Content starts

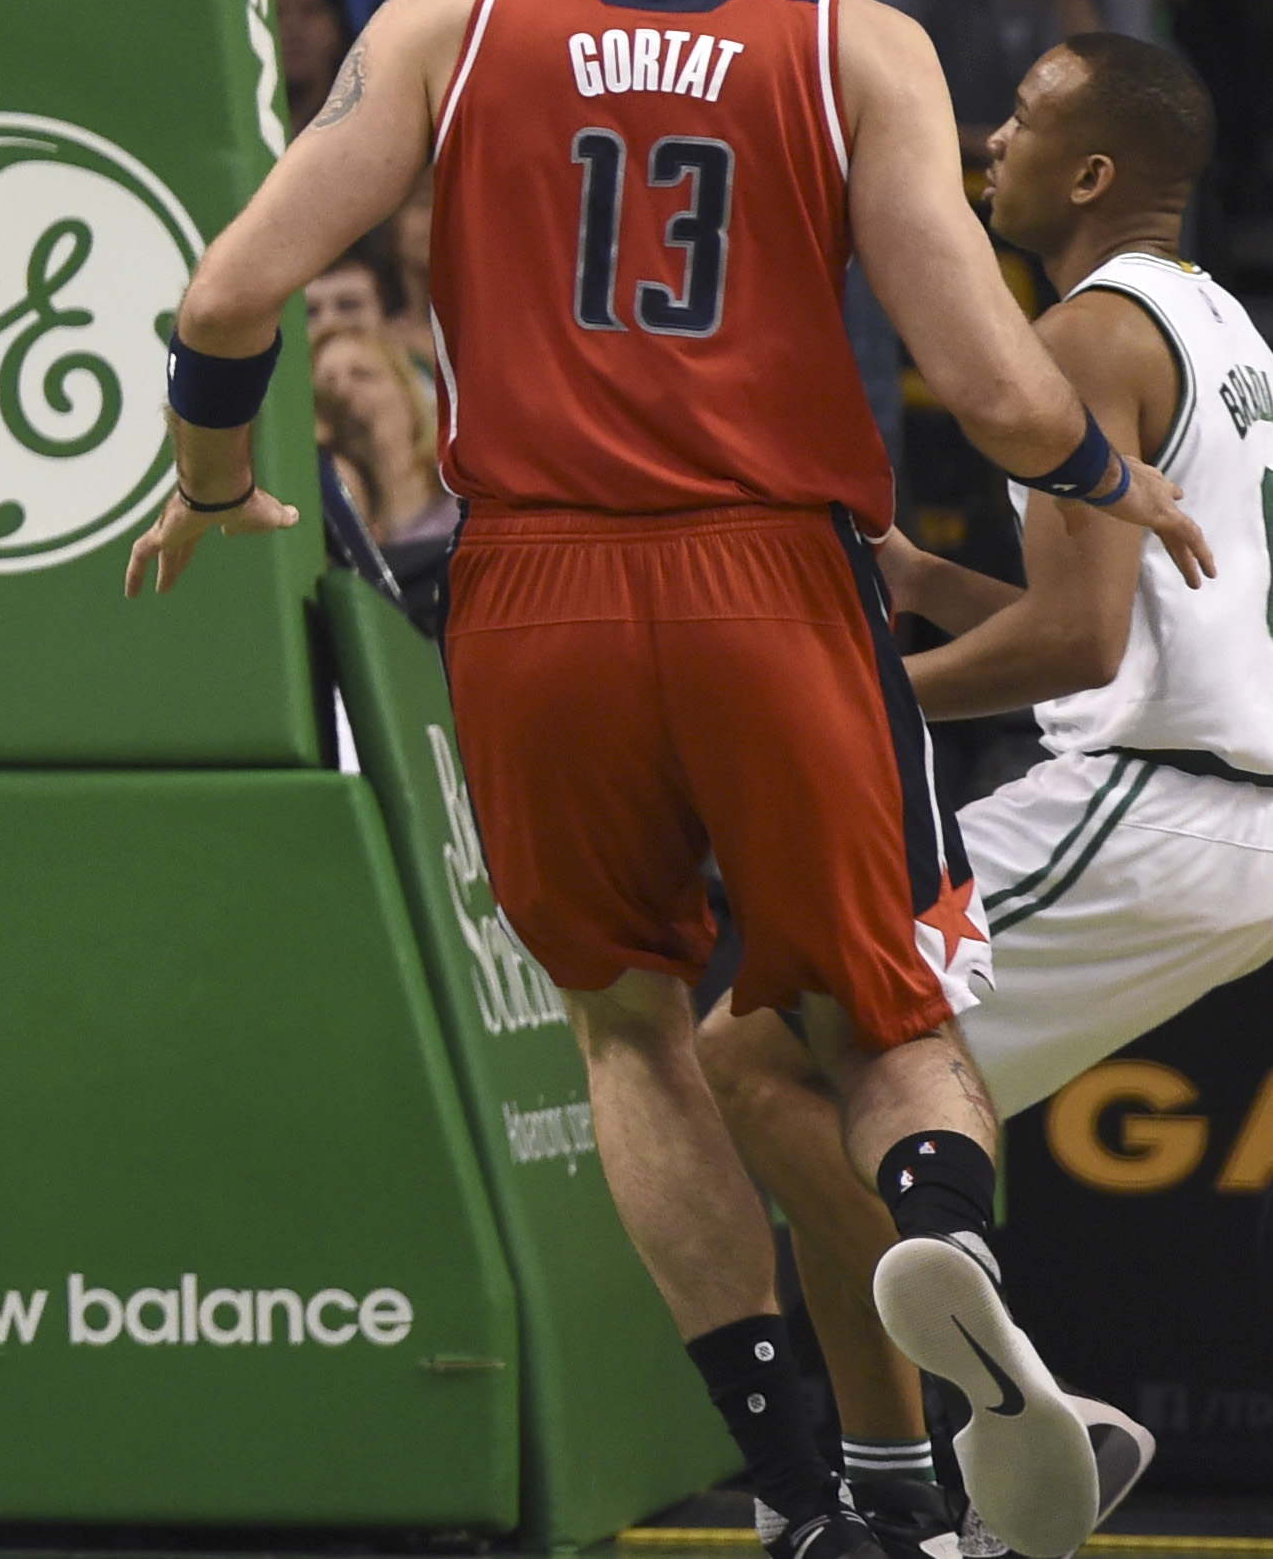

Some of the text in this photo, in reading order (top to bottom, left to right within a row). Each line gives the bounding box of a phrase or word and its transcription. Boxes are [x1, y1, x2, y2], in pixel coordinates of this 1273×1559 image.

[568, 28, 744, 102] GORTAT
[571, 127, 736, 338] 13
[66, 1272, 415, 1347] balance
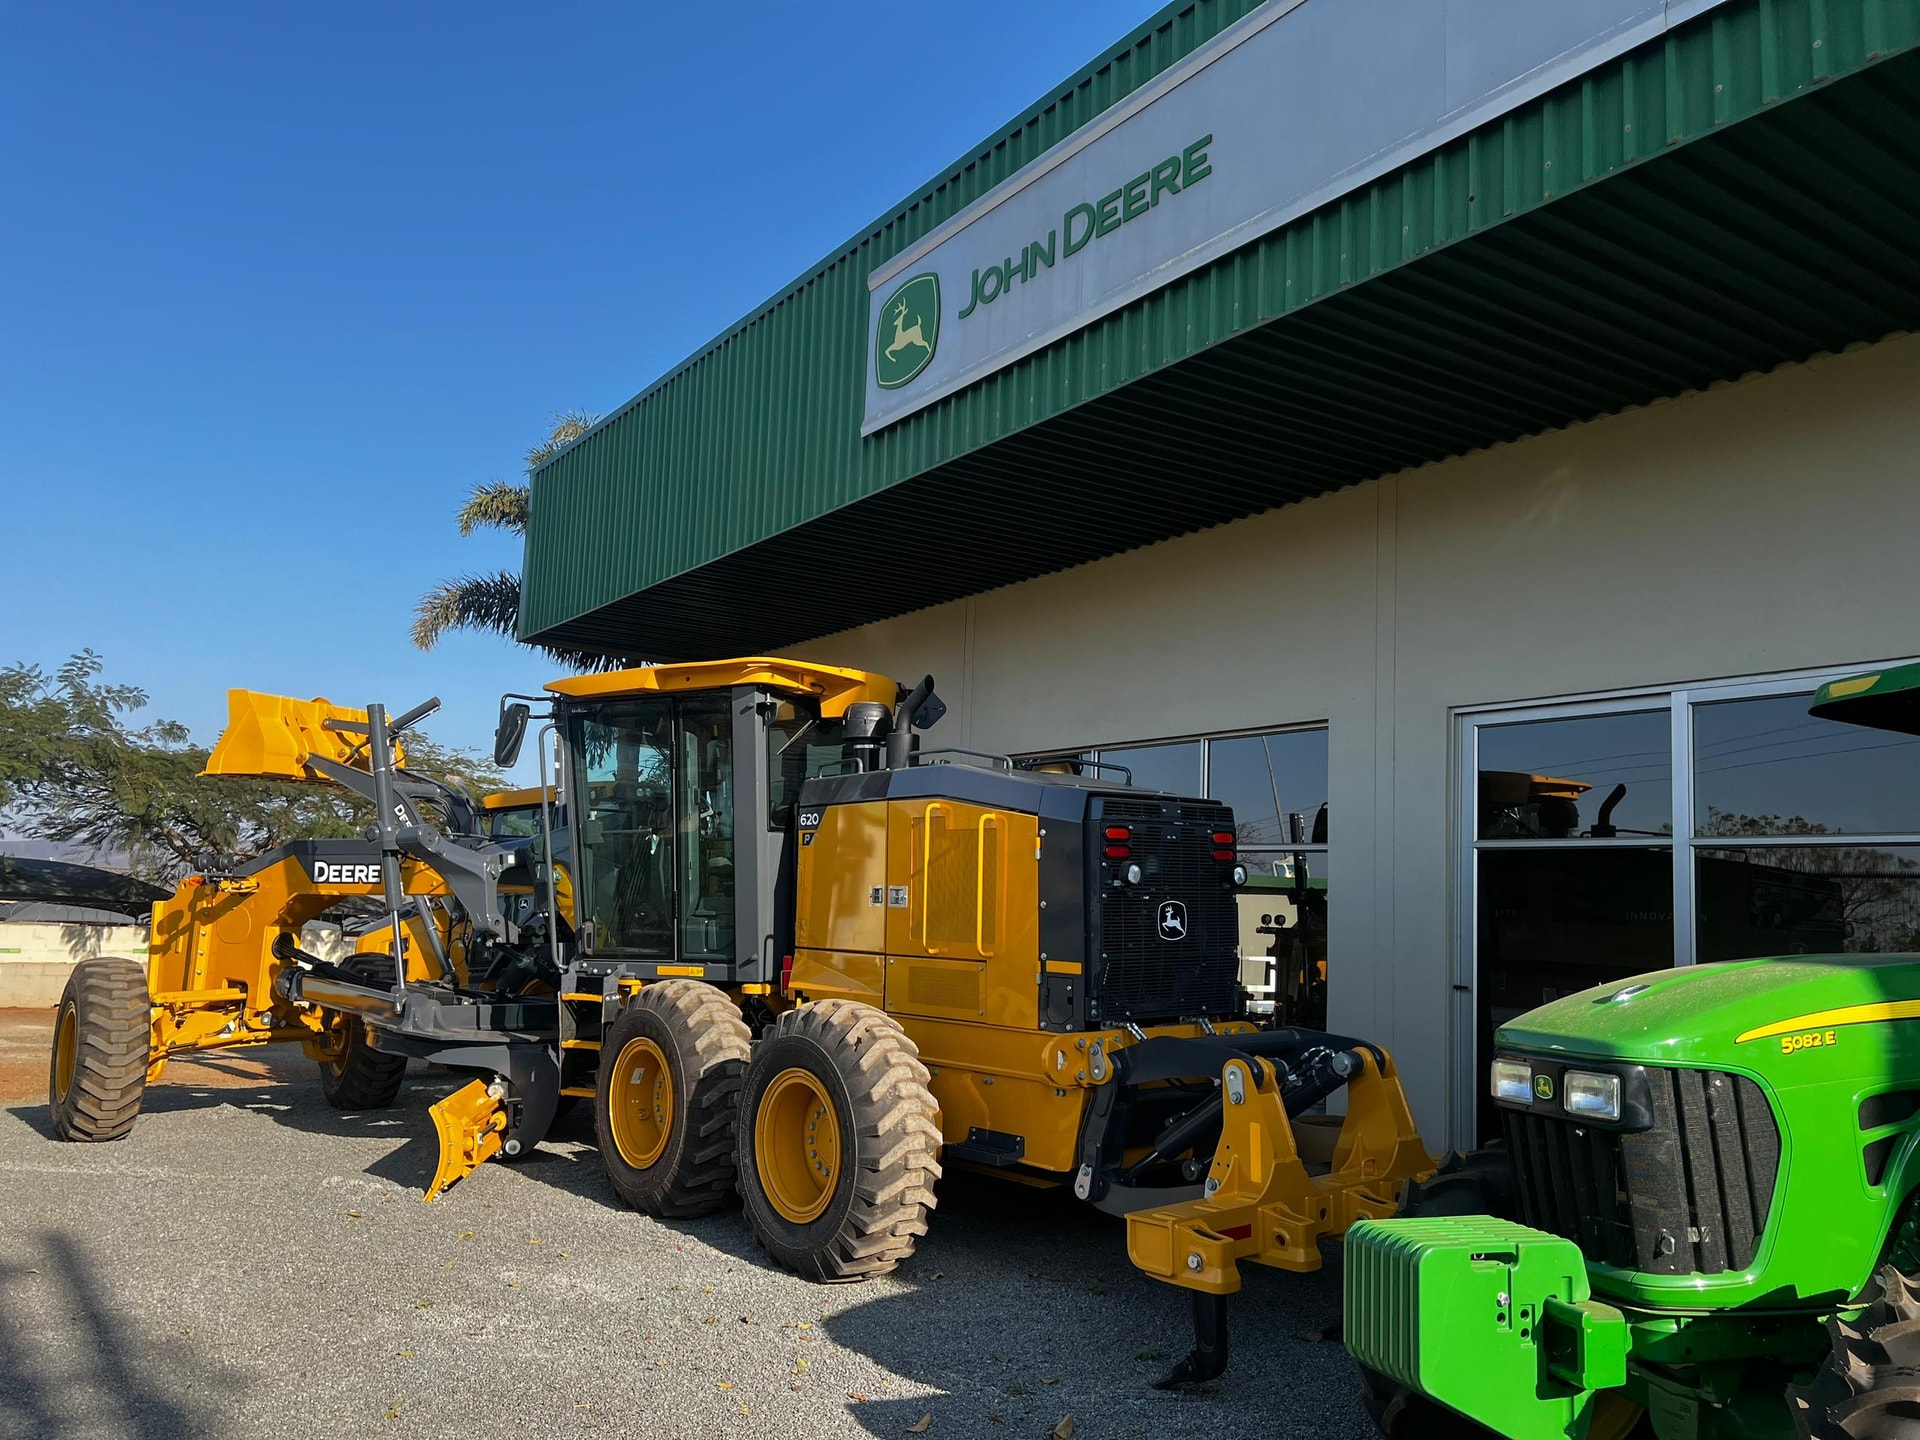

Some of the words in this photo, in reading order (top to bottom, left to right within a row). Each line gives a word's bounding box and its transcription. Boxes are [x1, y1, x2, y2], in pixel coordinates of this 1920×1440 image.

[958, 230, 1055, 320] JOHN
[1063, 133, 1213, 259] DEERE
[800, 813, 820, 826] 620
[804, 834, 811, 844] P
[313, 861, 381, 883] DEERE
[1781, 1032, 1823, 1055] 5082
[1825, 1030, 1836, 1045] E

Content ends

WHAT YOU ARE ASKED TO DO: Restate every line above word for word. Do not carry over the images.

WORKED SOLUTION:
Some of the text in this photo, in reading order (top to bottom, left to right within a row). Each line gives the bounding box of a phrase or word and its transcription. Boxes are [x1, y1, x2, y2], in pixel coordinates of this 1273×1559 image.

[568, 28, 744, 102] GORTAT
[571, 127, 736, 338] 13
[66, 1272, 415, 1347] balance

Some of the words in this photo, in reading order (top to bottom, left to right within a row). Each line gives a word's bounding box and its transcription. Boxes are [x1, y1, x2, y2], in pixel coordinates of this 1920×1440 image.

[958, 230, 1055, 320] JOHN
[1063, 133, 1213, 259] DEERE
[800, 813, 820, 826] 620
[804, 834, 811, 844] P
[313, 861, 381, 883] DEERE
[1781, 1032, 1823, 1055] 5082
[1825, 1030, 1836, 1045] E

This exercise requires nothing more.